--- START ---

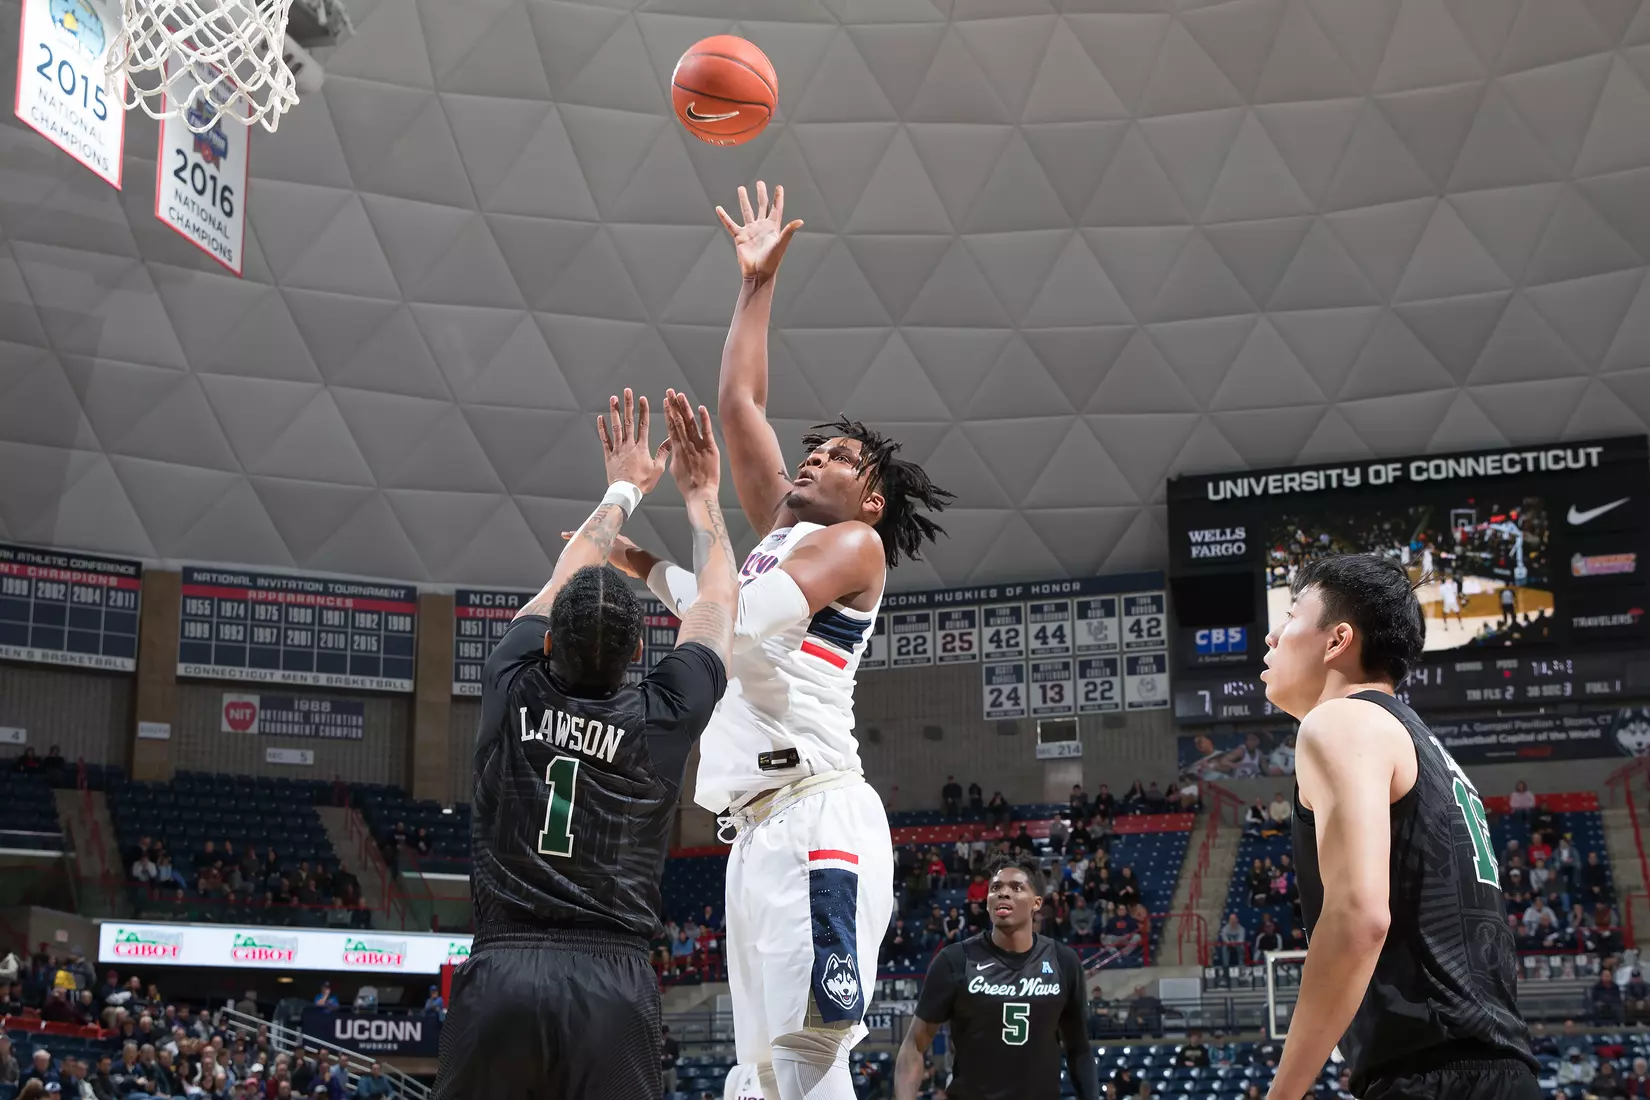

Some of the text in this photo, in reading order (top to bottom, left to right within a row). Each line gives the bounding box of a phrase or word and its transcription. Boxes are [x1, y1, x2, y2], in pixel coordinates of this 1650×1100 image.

[36, 43, 108, 121] 2015
[38, 86, 106, 146] NATIONAL
[31, 106, 109, 172] CHAMPIONS
[173, 148, 234, 219] 2016
[174, 188, 230, 240] NATIONAL
[168, 205, 233, 262] CHAMPIONS
[1207, 446, 1604, 501] UNIVERSITY OF CONNECTICUT
[1188, 527, 1246, 544] WELLS
[1191, 541, 1246, 559] FARGO
[27, 566, 118, 586] CHAMPIONS
[193, 572, 407, 599] NATIONAL INVITATION TOURNAMENT
[37, 582, 66, 600] 2002
[72, 586, 101, 604] 2004
[108, 591, 136, 609] 2011
[248, 590, 354, 608] APPEARANCES
[469, 594, 519, 606] NCAA
[935, 588, 998, 602] HUSKIES
[1006, 586, 1024, 597] OF
[1031, 582, 1081, 595] HONOR
[186, 599, 211, 616] 1955
[220, 601, 245, 618] 1974
[254, 604, 279, 621] 1975
[460, 620, 482, 636] 1951
[1034, 624, 1066, 645] 44
[1129, 617, 1161, 638] 42
[1195, 627, 1242, 645] CBS
[253, 627, 277, 644] 1997
[287, 629, 312, 647] 2001
[320, 632, 346, 649] 2010
[353, 635, 378, 652] 2015
[897, 635, 927, 657] 22
[942, 631, 973, 653] 25
[988, 628, 1020, 649] 42
[41, 651, 128, 669] BASKETBALL
[459, 642, 482, 658] 1963
[184, 665, 276, 681] CONNECTICUT
[326, 676, 408, 691] BASKETBALL
[460, 665, 481, 680] 1991
[989, 686, 1020, 708] 24
[1039, 684, 1064, 705] 13
[1084, 680, 1114, 702] 22
[1505, 685, 1515, 700] 2
[229, 708, 253, 721] NIT
[294, 699, 332, 712] 1988
[260, 709, 363, 726] NATIONAL INVITATION
[1473, 721, 1513, 734] Gampel
[1515, 718, 1554, 730] Pavilion
[1597, 714, 1612, 725] CT
[11, 731, 20, 741] 4
[260, 721, 363, 739] TOURNAMENT CHAMPION
[519, 707, 625, 763] LAWSON
[1445, 728, 1601, 746] Basketball Capital of the World
[538, 756, 579, 858] 1
[1041, 960, 1054, 974] A
[968, 975, 1060, 997] Green Wave
[334, 1018, 422, 1042] UCONN
[867, 1014, 891, 1028] 113
[1001, 1002, 1031, 1046] 5
[358, 1042, 398, 1051] HUSKIES
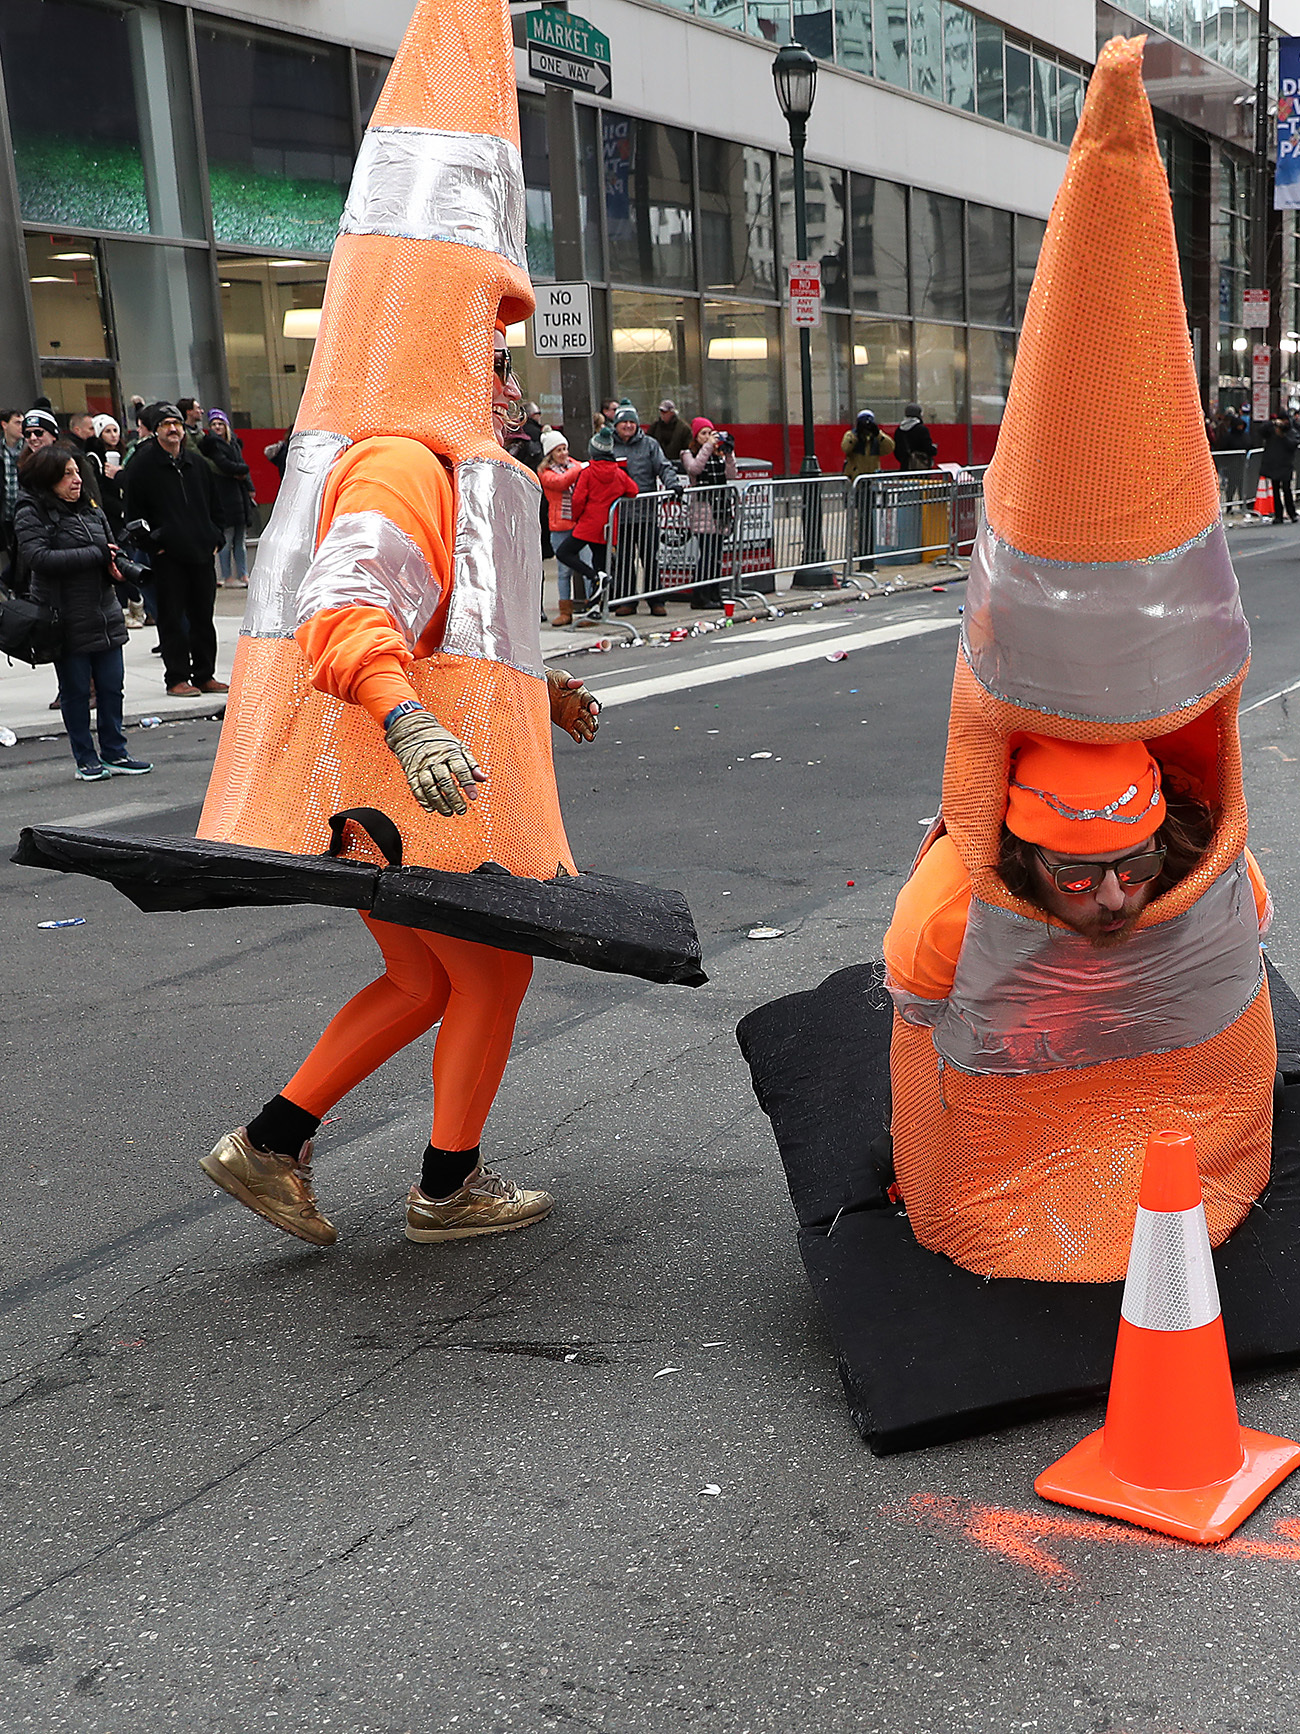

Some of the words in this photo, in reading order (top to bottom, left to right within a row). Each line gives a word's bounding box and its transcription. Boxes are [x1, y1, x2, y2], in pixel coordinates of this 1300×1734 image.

[533, 17, 588, 53] MARKET
[594, 42, 604, 57] ST
[540, 56, 561, 74] ONE
[567, 63, 590, 81] WAY
[799, 280, 811, 290] NO
[550, 291, 571, 305] NO
[796, 306, 813, 314] TIME
[543, 313, 581, 327] TURN
[540, 334, 558, 348] ON
[563, 333, 587, 347] RED
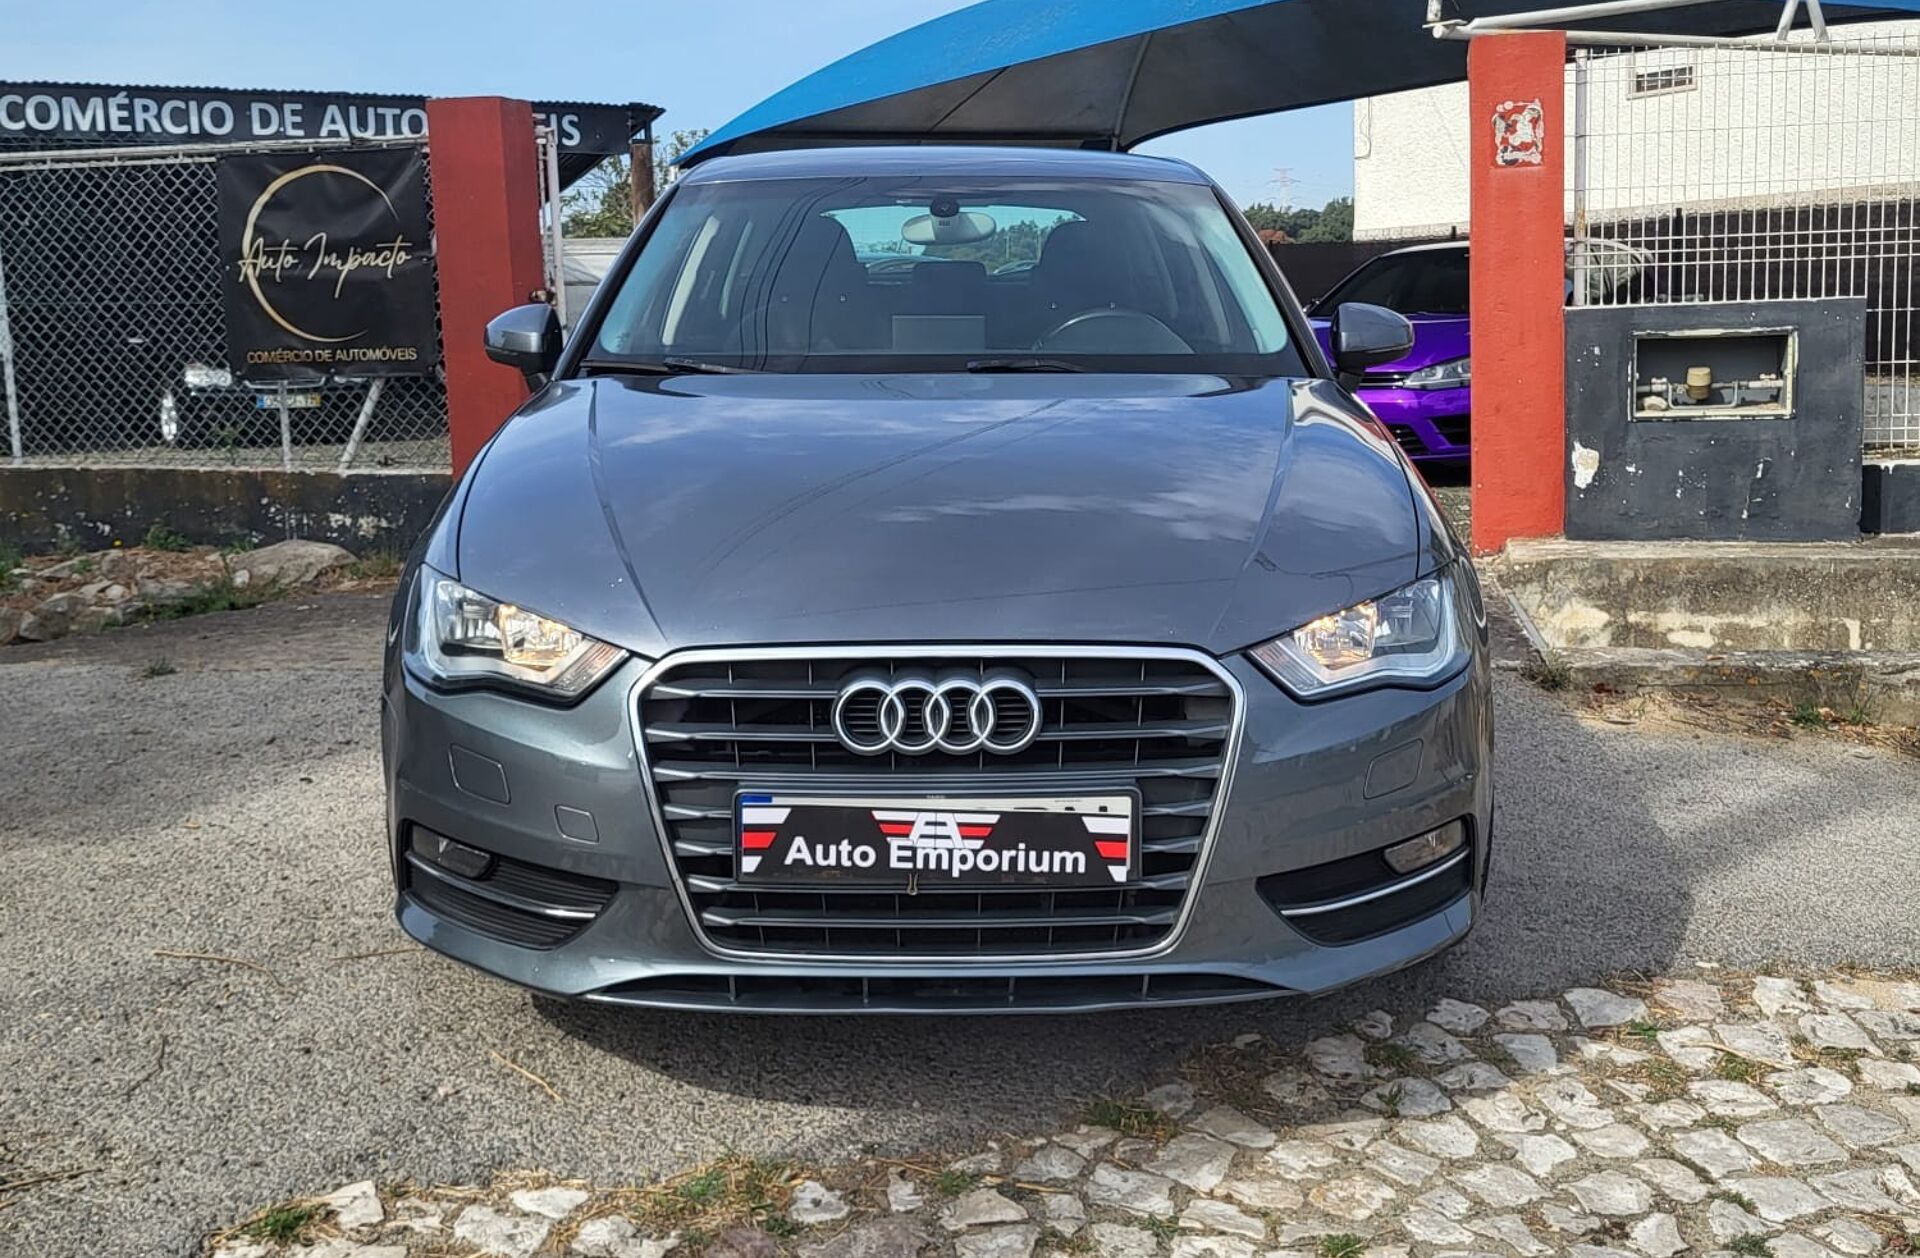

--- END ---

To do =
Where an entry contains an image, skip the image and write out the rest exactly.

Response to this task =
Some of the text in this photo, in reading order (top to bottom, left to right within a row). Each line gives the bounding box of a phrase or word and its transcription. Boxes are [x1, y1, x2, y2], in pixel coordinates of this 1650×1100 image.

[36, 43, 108, 121] 2015
[38, 86, 106, 146] NATIONAL
[31, 106, 109, 172] CHAMPIONS
[173, 148, 234, 219] 2016
[174, 188, 230, 240] NATIONAL
[168, 205, 233, 262] CHAMPIONS
[1207, 446, 1604, 501] UNIVERSITY OF CONNECTICUT
[1188, 527, 1246, 544] WELLS
[1191, 541, 1246, 559] FARGO
[27, 566, 118, 586] CHAMPIONS
[193, 572, 407, 599] NATIONAL INVITATION TOURNAMENT
[37, 582, 66, 600] 2002
[72, 586, 101, 604] 2004
[108, 591, 136, 609] 2011
[248, 590, 354, 608] APPEARANCES
[469, 594, 519, 606] NCAA
[935, 588, 998, 602] HUSKIES
[1006, 586, 1024, 597] OF
[1031, 582, 1081, 595] HONOR
[186, 599, 211, 616] 1955
[220, 601, 245, 618] 1974
[254, 604, 279, 621] 1975
[460, 620, 482, 636] 1951
[1034, 624, 1066, 645] 44
[1129, 617, 1161, 638] 42
[1195, 627, 1242, 645] CBS
[253, 627, 277, 644] 1997
[287, 629, 312, 647] 2001
[320, 632, 346, 649] 2010
[353, 635, 378, 652] 2015
[897, 635, 927, 657] 22
[942, 631, 973, 653] 25
[988, 628, 1020, 649] 42
[41, 651, 128, 669] BASKETBALL
[459, 642, 482, 658] 1963
[184, 665, 276, 681] CONNECTICUT
[326, 676, 408, 691] BASKETBALL
[460, 665, 481, 680] 1991
[989, 686, 1020, 708] 24
[1039, 684, 1064, 705] 13
[1084, 680, 1114, 702] 22
[1505, 685, 1515, 700] 2
[229, 708, 253, 721] NIT
[294, 699, 332, 712] 1988
[260, 709, 363, 726] NATIONAL INVITATION
[1473, 721, 1513, 734] Gampel
[1515, 718, 1554, 730] Pavilion
[1597, 714, 1612, 725] CT
[11, 731, 20, 741] 4
[260, 721, 363, 739] TOURNAMENT CHAMPION
[519, 707, 625, 763] LAWSON
[1445, 728, 1601, 746] Basketball Capital of the World
[538, 756, 579, 858] 1
[1041, 960, 1054, 974] A
[968, 975, 1060, 997] Green Wave
[334, 1018, 422, 1042] UCONN
[867, 1014, 891, 1028] 113
[1001, 1002, 1031, 1046] 5
[358, 1042, 398, 1051] HUSKIES

Some of the words in this photo, in reading order (top to bottom, left to right within a row). Each line gives a word's bounding box and its transcription. Boxes are [x1, y1, x2, y2], in pixel coordinates of this 1300×1734 image.

[533, 17, 588, 53] MARKET
[594, 42, 604, 57] ST
[540, 56, 561, 74] ONE
[567, 63, 590, 81] WAY
[799, 280, 811, 290] NO
[550, 291, 571, 305] NO
[796, 306, 813, 314] TIME
[543, 313, 581, 327] TURN
[540, 334, 558, 348] ON
[563, 333, 587, 347] RED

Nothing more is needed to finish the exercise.